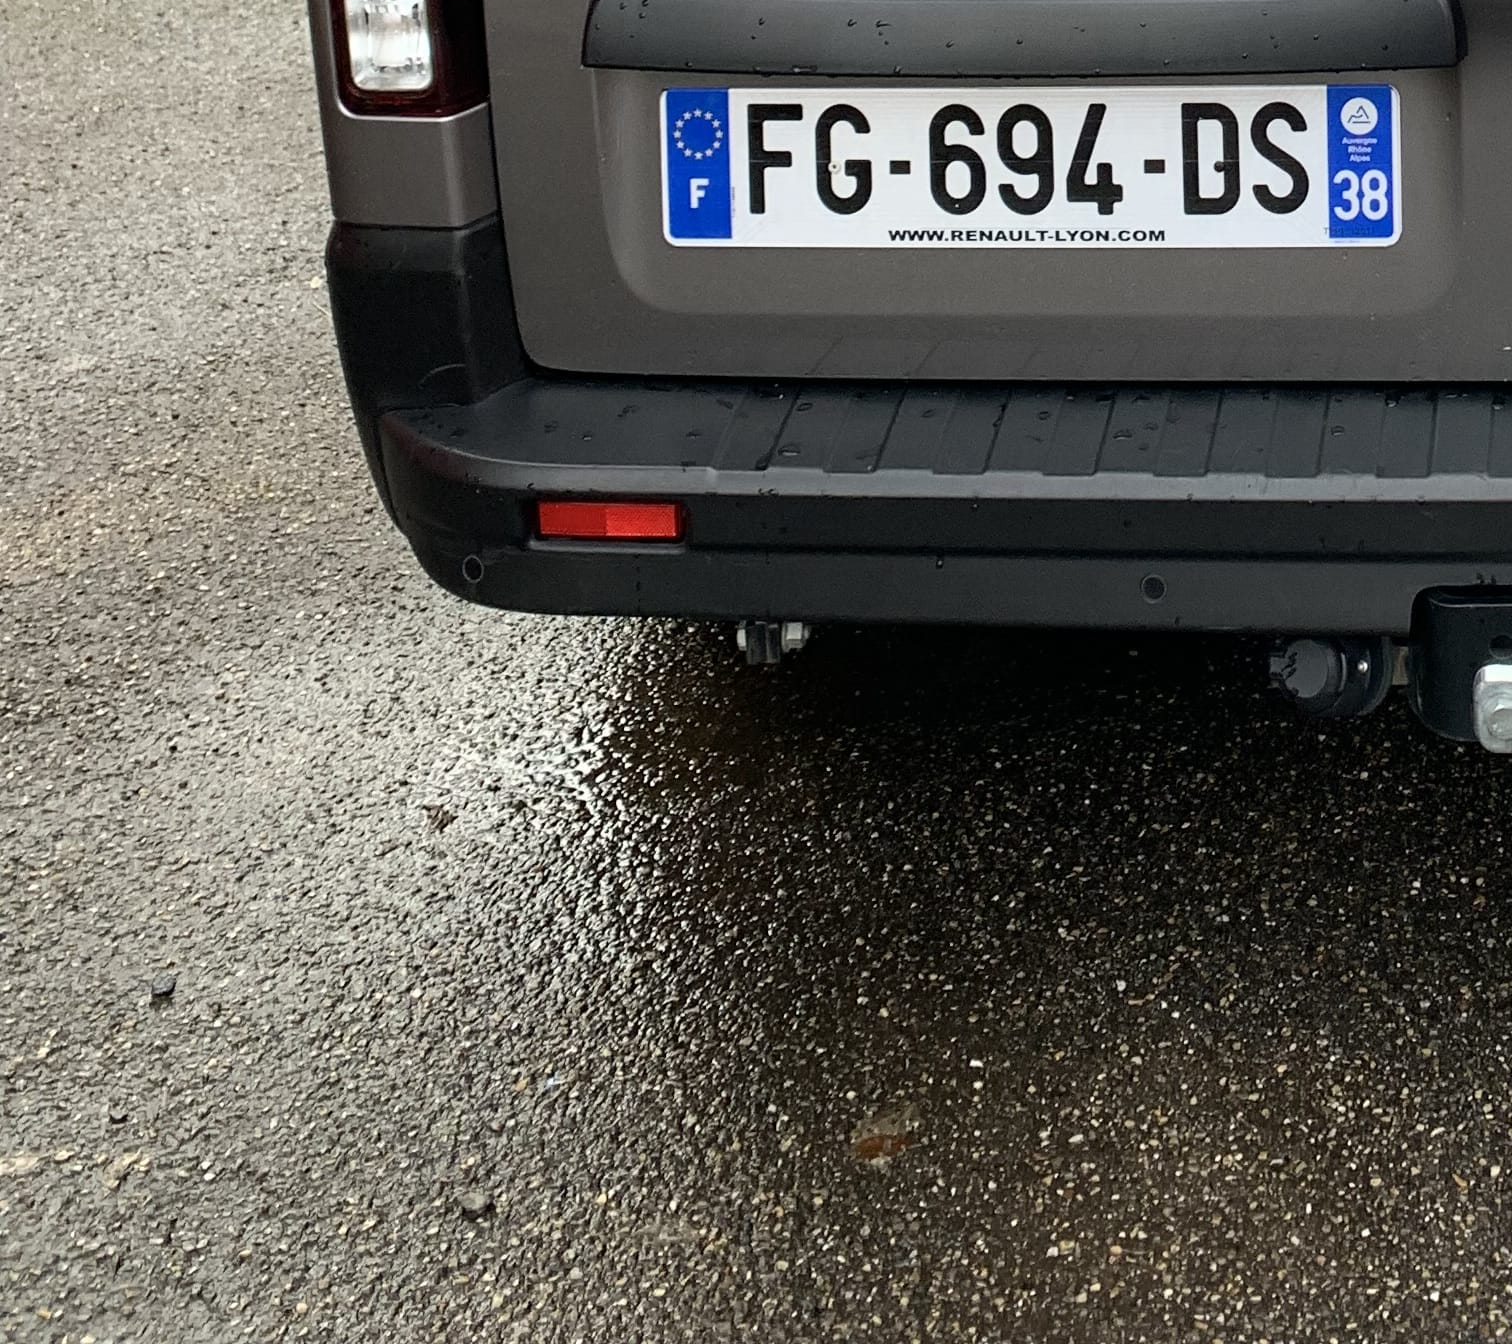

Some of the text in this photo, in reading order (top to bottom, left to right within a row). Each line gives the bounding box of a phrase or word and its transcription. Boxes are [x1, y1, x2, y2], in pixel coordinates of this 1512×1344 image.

[747, 102, 1309, 215] FG-694-DS
[690, 178, 709, 208] F
[1333, 169, 1388, 221] 38
[888, 229, 1166, 242] WWW.RENAULT-LYON.COM
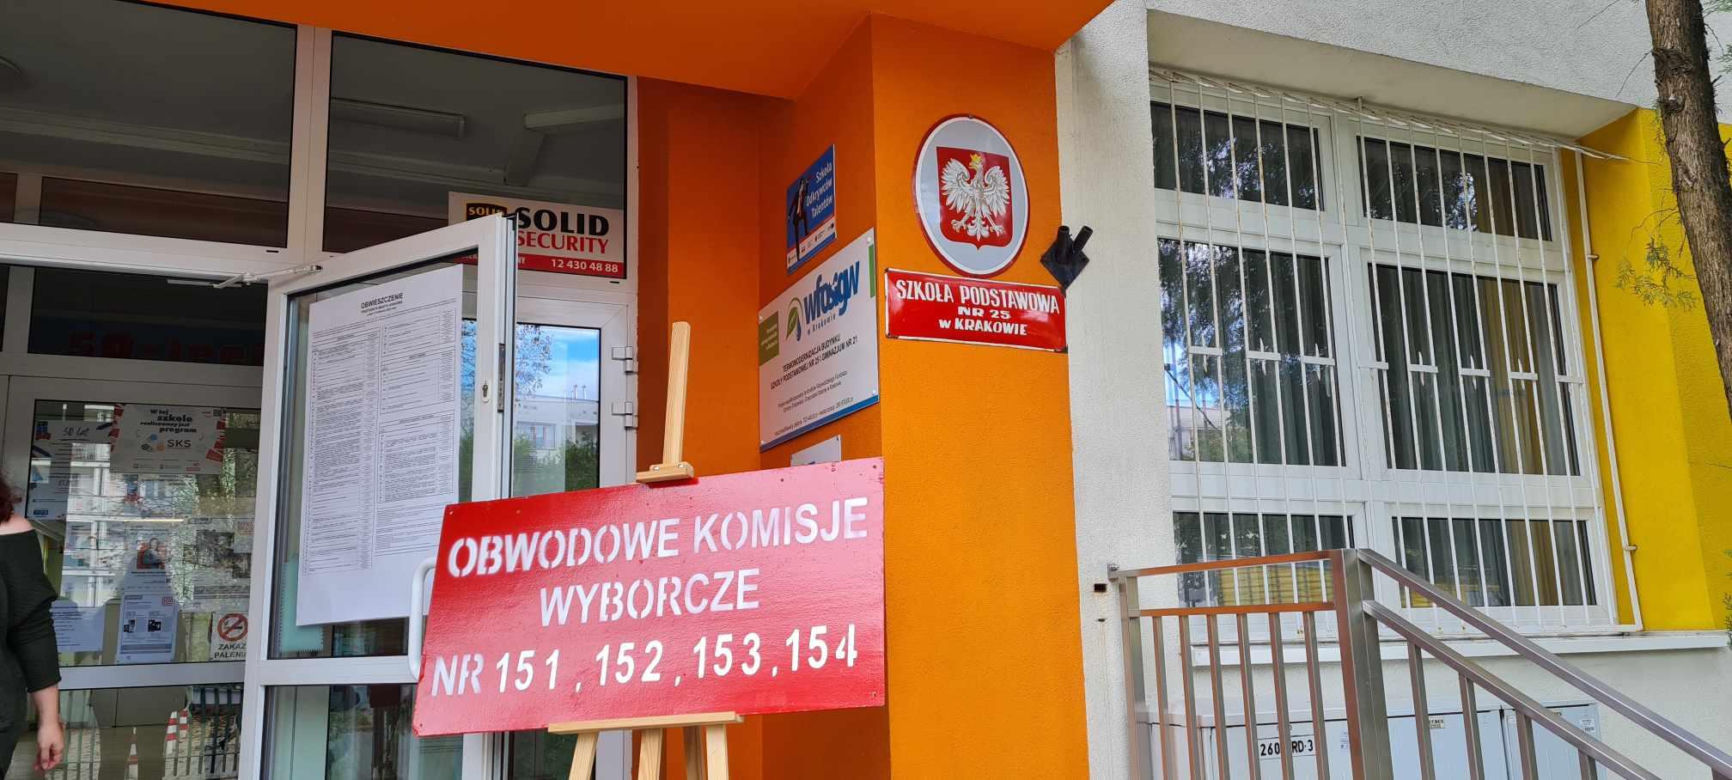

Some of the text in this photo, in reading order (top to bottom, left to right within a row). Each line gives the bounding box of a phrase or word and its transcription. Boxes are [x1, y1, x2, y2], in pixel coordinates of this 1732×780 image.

[515, 207, 609, 236] SOLID
[517, 230, 609, 254] SECURITY
[551, 258, 619, 273] 12 430 48 88
[361, 292, 404, 309] OBWIESZCZENIE
[896, 279, 1060, 314] SZKOŁA PODSTAWOWA
[958, 306, 1011, 319] NR 25
[954, 318, 1028, 336] KRAKOWIE
[159, 426, 197, 435] program
[168, 439, 191, 448] SKS
[447, 518, 680, 577] OBWODOWE
[693, 497, 868, 553] KOMISJE
[540, 568, 760, 627] WYBORCZE
[431, 653, 484, 697] NR
[785, 623, 858, 672] 154

....

REQUIRED ACTION:
Would you return all of the entries unchanged while omitting the images?

REPLY TO THE EXERCISE:
Some of the text in this photo, in reading order (top to bottom, left to right within a row). Each line gives the bounding box of a phrase or word and its transcription. Boxes are [x1, y1, x2, y2], in pixel coordinates of this 1512×1344 image.

[747, 102, 1309, 215] FG-694-DS
[690, 178, 709, 208] F
[1333, 169, 1388, 221] 38
[888, 229, 1166, 242] WWW.RENAULT-LYON.COM

Some of the text in this photo, in reading order (top to bottom, left to right within a row). Each line gives the bounding box of a phrase or word and its transcription. Boxes are [x1, y1, x2, y2], in pixel coordinates of this 1732×780 image.

[515, 207, 609, 236] SOLID
[517, 230, 609, 254] SECURITY
[551, 258, 619, 273] 12 430 48 88
[361, 292, 404, 309] OBWIESZCZENIE
[896, 279, 1060, 314] SZKOŁA PODSTAWOWA
[958, 306, 1011, 319] NR 25
[954, 318, 1028, 336] KRAKOWIE
[159, 426, 197, 435] program
[168, 439, 191, 448] SKS
[447, 518, 680, 577] OBWODOWE
[693, 497, 868, 553] KOMISJE
[540, 568, 760, 627] WYBORCZE
[431, 653, 484, 697] NR
[785, 623, 858, 672] 154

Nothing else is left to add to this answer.